[Provided material — start]
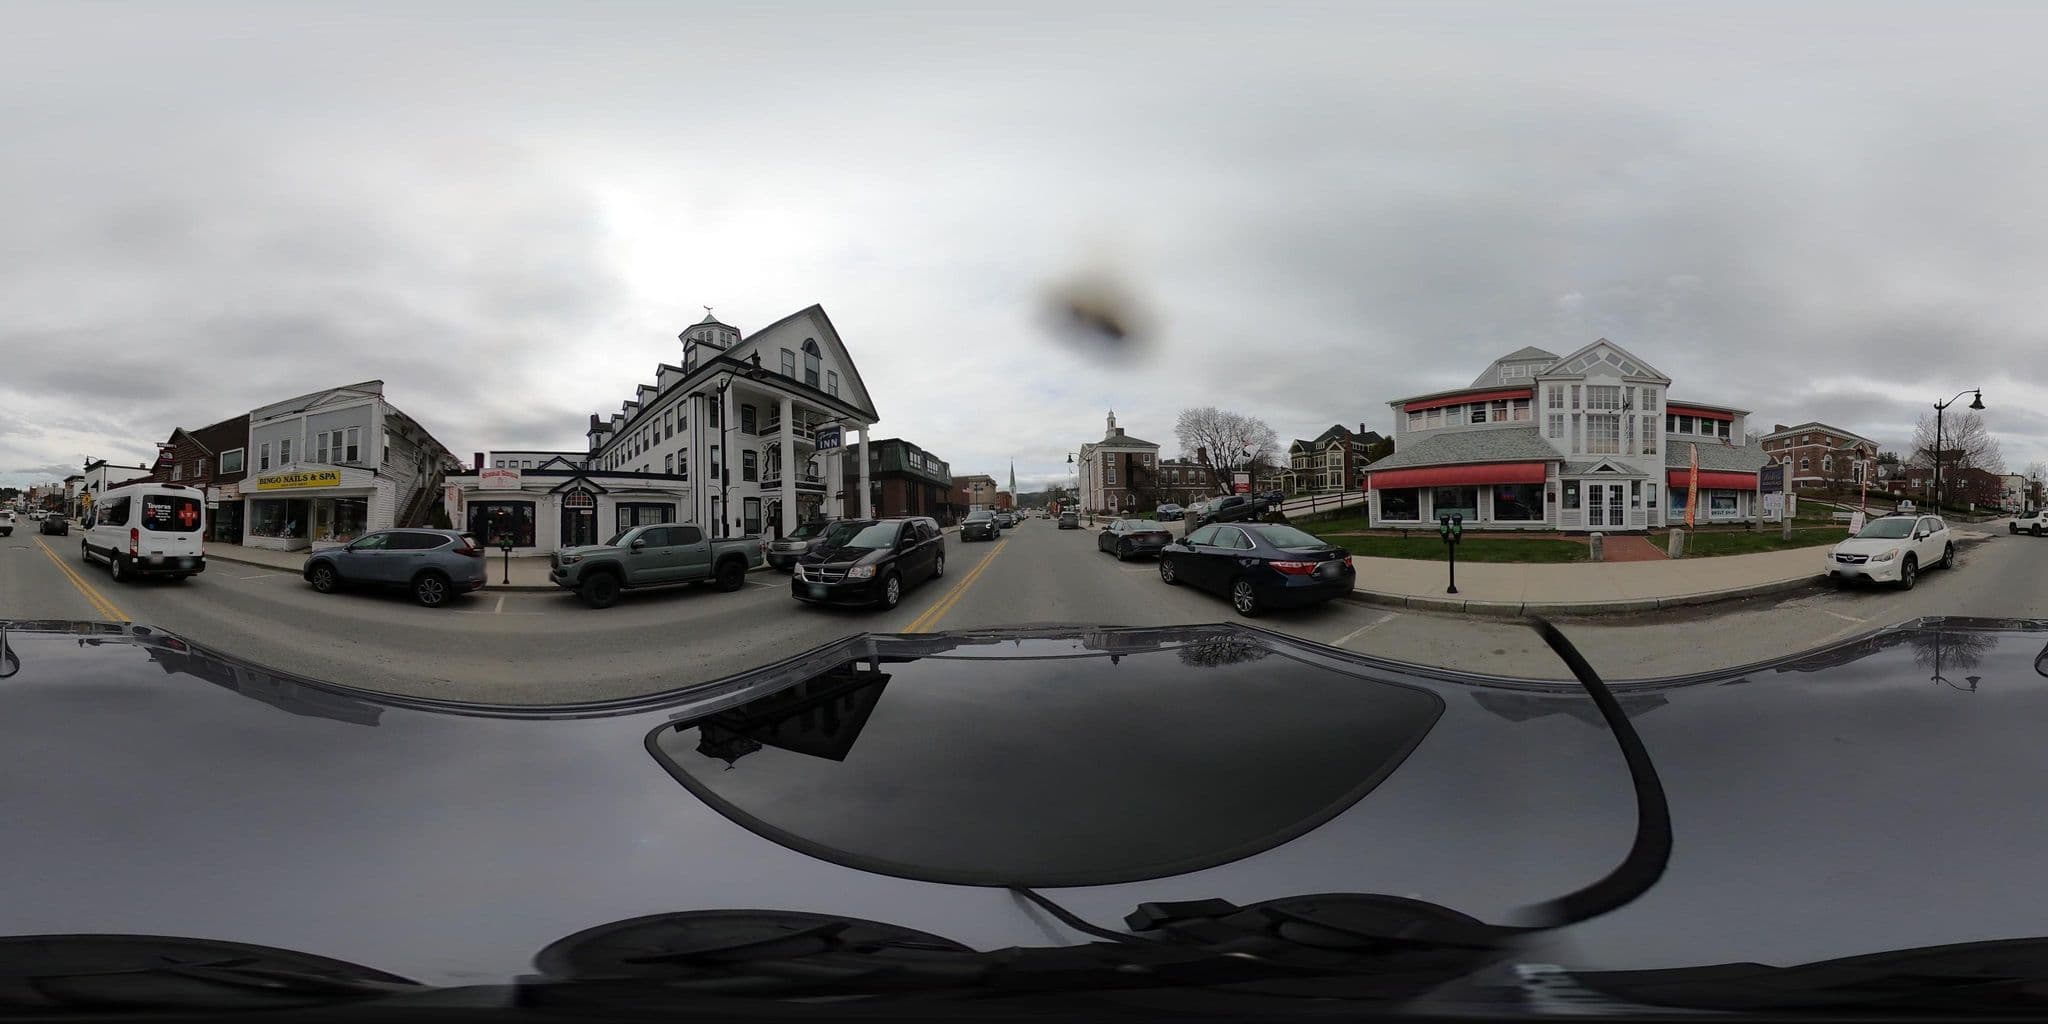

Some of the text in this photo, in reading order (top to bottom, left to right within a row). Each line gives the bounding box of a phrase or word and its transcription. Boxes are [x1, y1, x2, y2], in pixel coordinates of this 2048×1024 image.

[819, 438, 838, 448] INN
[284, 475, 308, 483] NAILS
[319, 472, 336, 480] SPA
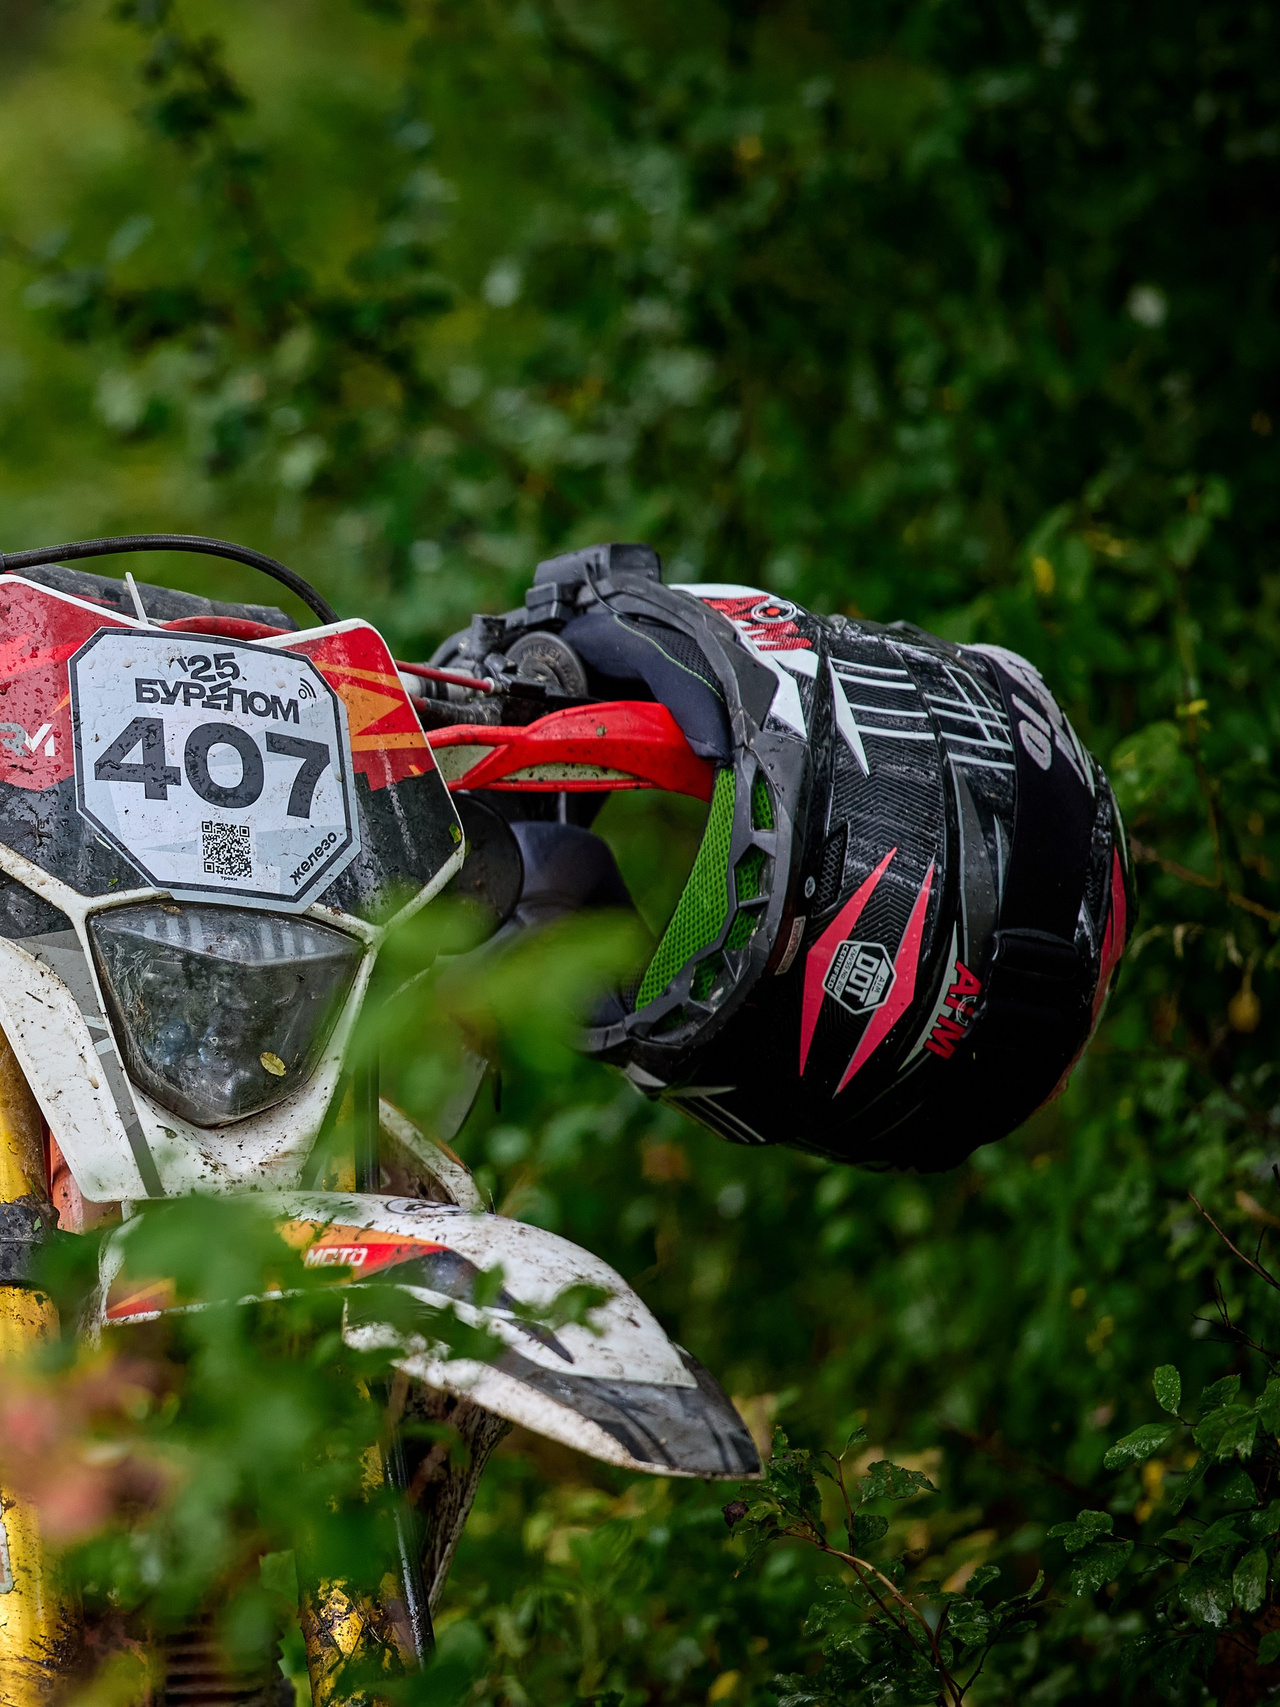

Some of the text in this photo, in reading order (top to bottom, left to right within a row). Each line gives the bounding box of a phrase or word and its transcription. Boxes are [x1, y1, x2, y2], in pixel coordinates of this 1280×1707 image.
[Provided material — finish]
## Problem requirements
Copy each entry exactly, with no pictures.

## Your response
Some of the text in this photo, in reading order (top to bottom, left to right within a row). Each line gives the bounding box of a phrase or word and its transcription. Boxes are [x1, y1, x2, y2], in pixel coordinates of this 2048×1024 image.

[819, 438, 838, 448] INN
[284, 475, 308, 483] NAILS
[319, 472, 336, 480] SPA

Some of the text in this photo, in reading order (top to bottom, left to right within a row). Each line gives the bounding box of a phrase or word and its transcription. Boxes are [x1, y1, x2, y2], in pixel coordinates of this 1280×1707 image.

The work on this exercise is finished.